Since the optical fiber 45 is bent, the signal light A is biased in the negative X direction, and the NFP at the emission end 47 has a strong light intensity in the negative X direction as shown in FIGS.
In particular, in the case of the optical transmitter 114 that directly inputs the signal light A to the optical axis positions F-0, F-3, and F-4, as shown in FIGS. 37, 39, and 40, the output end 47 of the optical fiber 45 is provided. , The amount of light from the position in the positive direction of X is small, and the light receiving element may not be able to receive a sufficient amount of light.

  Even in the case of the optical transmitter 114, the signal light A that has entered the optical axis position F-1 is diffused in the negative direction of X because the signal light A that propagates due to the bending of the optical fiber 45 is diffused in FIG. Thus, the NFP at the emission end 47 becomes uniform.

  Therefore, the NFP at the emission end 47 of the optical transmitter 114 is greatly affected by the bending of the optical fiber and the optical axis position of the signal light A.

  On the other hand, when the signal light A is coupled to the optical fiber 45 via the tapered waveguide 64, the tapered waveguide 64 couples the outgoing light B to the optical coupling range of the incident end 46 of the optical fiber 45, so The NFP at 47 is obtained by superimposing the NFP that the light incident from each position within the optical coupling range exhibits at the output end 47.

  Therefore, as described with reference to FIG. 38, the light from the positive X position of the incident end 46 exhibits a uniform NFP. Therefore, the NFP at the output end 47 of the optical transmission device 115 is as shown in FIGS. In addition, the influence of the bending of the optical fiber and the optical axis position of the signal light A can be reduced.

  Next, the present invention will be described in more detail with simulation results showing the dependence between the incident position of the outgoing light B at the incident end 46 of the optical fiber 45 and the position of the light receiving element at the outgoing end 47.

  A light receiving element that receives optical data to be transmitted is connected to the emission end 47 of the optical fiber 45 of the optical transmission device 114 and the optical transmission device 115. An example of the light receiving element is a photodiode (PD) having a circular light receiving surface 161 having a diameter of 0.1 cm. Similar to the relationship between the light emitting element and the optical fiber, the center axis of the optical fiber and the center position of the light receiving surface of the light receiving element may be different even if the light receiving element and the optical fiber are aligned.

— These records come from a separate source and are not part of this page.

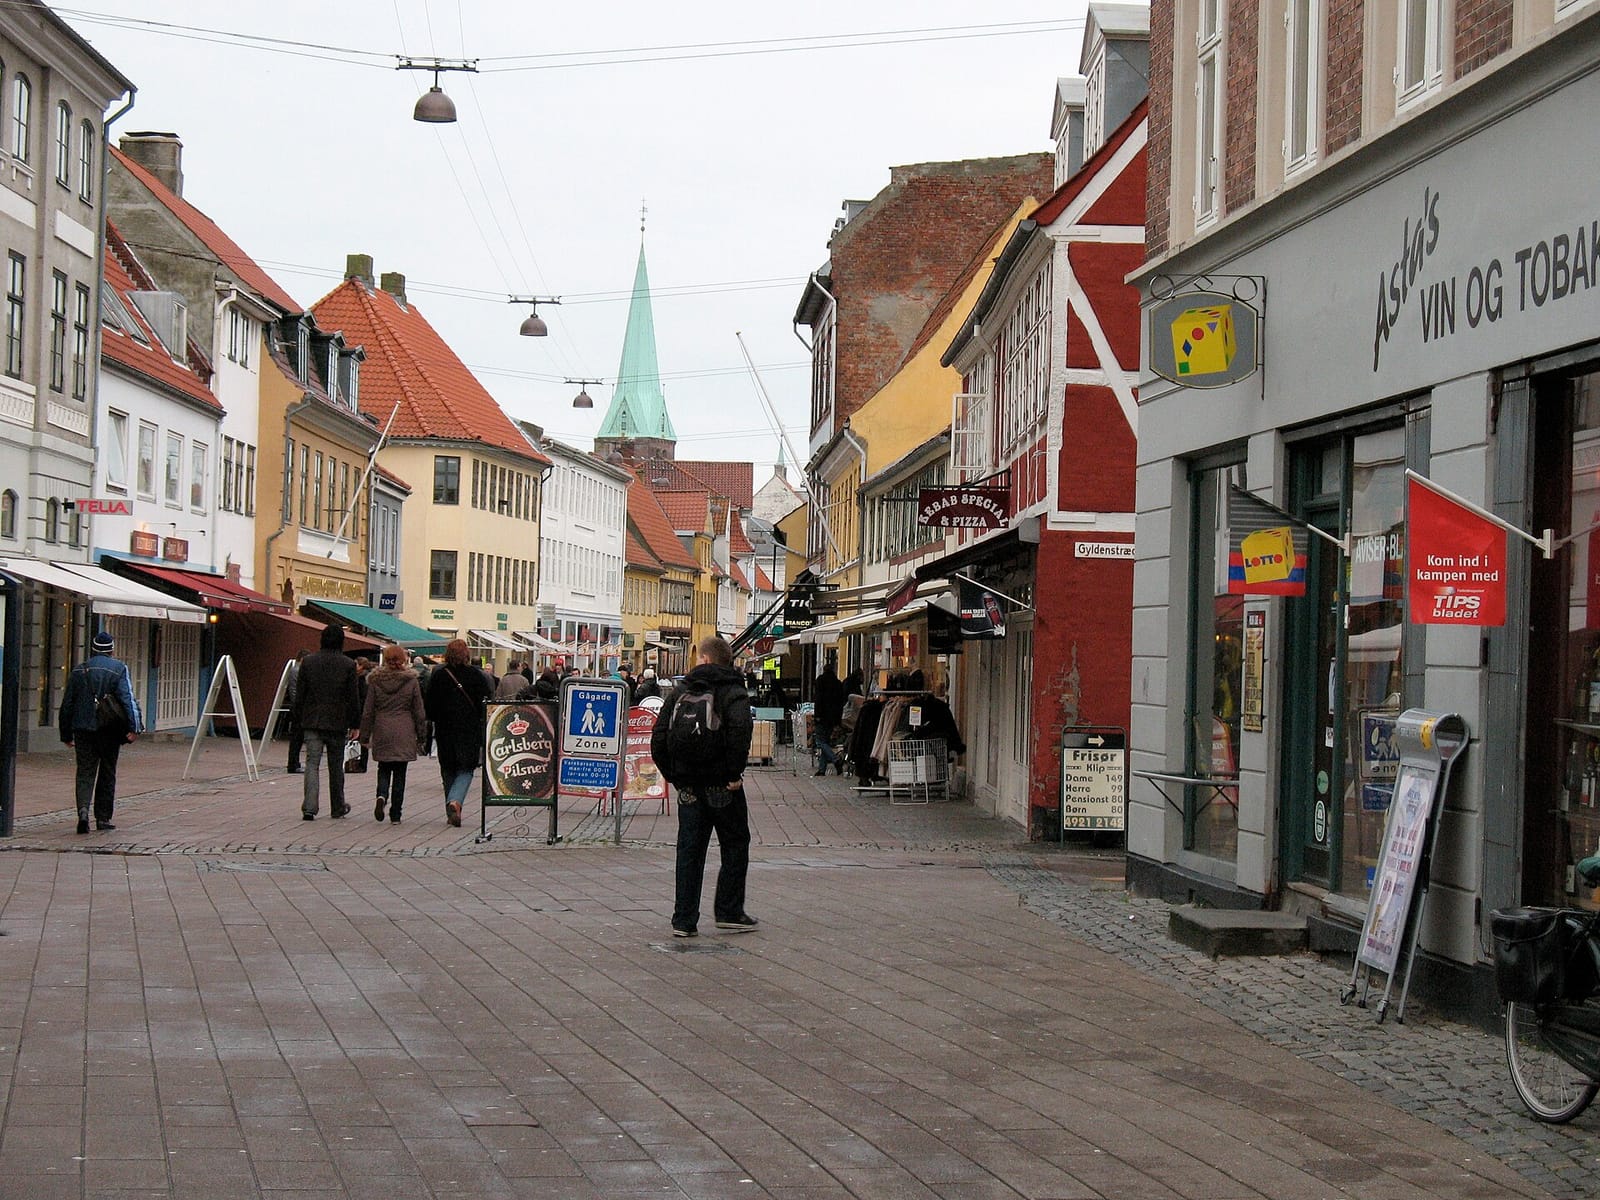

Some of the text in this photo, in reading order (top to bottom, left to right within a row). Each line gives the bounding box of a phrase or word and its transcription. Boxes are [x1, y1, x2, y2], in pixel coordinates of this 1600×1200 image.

[1373, 186, 1440, 373] Asta's
[1420, 276, 1456, 343] VIN
[1466, 258, 1503, 328] OG
[76, 500, 130, 515] TELIA
[919, 493, 1009, 527] KEBAB SPECIAL
[940, 515, 988, 528] & PIZZA
[1245, 554, 1284, 568] LOTTO
[1427, 554, 1489, 567] Kom ind i
[1416, 568, 1499, 583] kampen med
[1433, 595, 1481, 609] TIPS
[1432, 608, 1479, 619] bladet
[578, 691, 612, 702] Gågade
[490, 737, 553, 761] Carlsberg
[575, 738, 607, 749] Zone
[1073, 750, 1117, 762] Frisør
[502, 763, 548, 779] Pilsner
[1086, 764, 1105, 774] Klip
[1065, 774, 1123, 782] Dame 149
[1065, 784, 1123, 793] Herre 99
[1065, 795, 1123, 804] Pensionst 80
[1065, 805, 1123, 813] Børn 80
[1065, 817, 1091, 827] 4921

FIGS. 45 and 46 show the relative positions of the output end 47 of the optical fiber 45 and the light receiving surface 161 of the light receiving element.

  FIG. 45 is a diagram in the case where the center axis of the optical fiber 45 coincides with the center of the light receiving surface 161 of the light receiving element, that is, the center of the light receiving surface 161 of the light receiving element is at the origin of the surface of the emission end 47.

  In FIG. 46, the center axis of the optical fiber 45 and the center of the light receiving surface 161 of the light receiving element are different, that is, the center of the light receiving surface 161 of the light receiving element is at the coordinates (0.05, 0) of the surface of the emission end 47. FIG.

  45 shows the results of simulating the amount of light that can be received by the light receiving element for each optical axis position of the outgoing light B at the incident end 46 of the optical fiber 45. The positional relationship shown in FIG. 45 is shown in Table 1, and the positional relationship shown in FIG. Is shown in Table 2. The upper stage of Tables 1 and 2 is the optical axis position of the outgoing light B at the incident end 46 of the optical fiber 45, and the numerical values in the middle stage are the light quantity of the outgoing light B incident on the optical fiber 45 and the light receiving element in the case of the optical transmitter 114. The ratio of the amount of light that can be received, and the lower numerical value indicate the ratio of the amount of outgoing light B incident on the optical fiber 45 and the amount of light that can be received by the light receiving element in the case of the optical transmitter 115. The ratio between the amount of emitted light B and the amount of light that can be received by the light receiving element is indicated by an attenuation amount, and its unit is dB.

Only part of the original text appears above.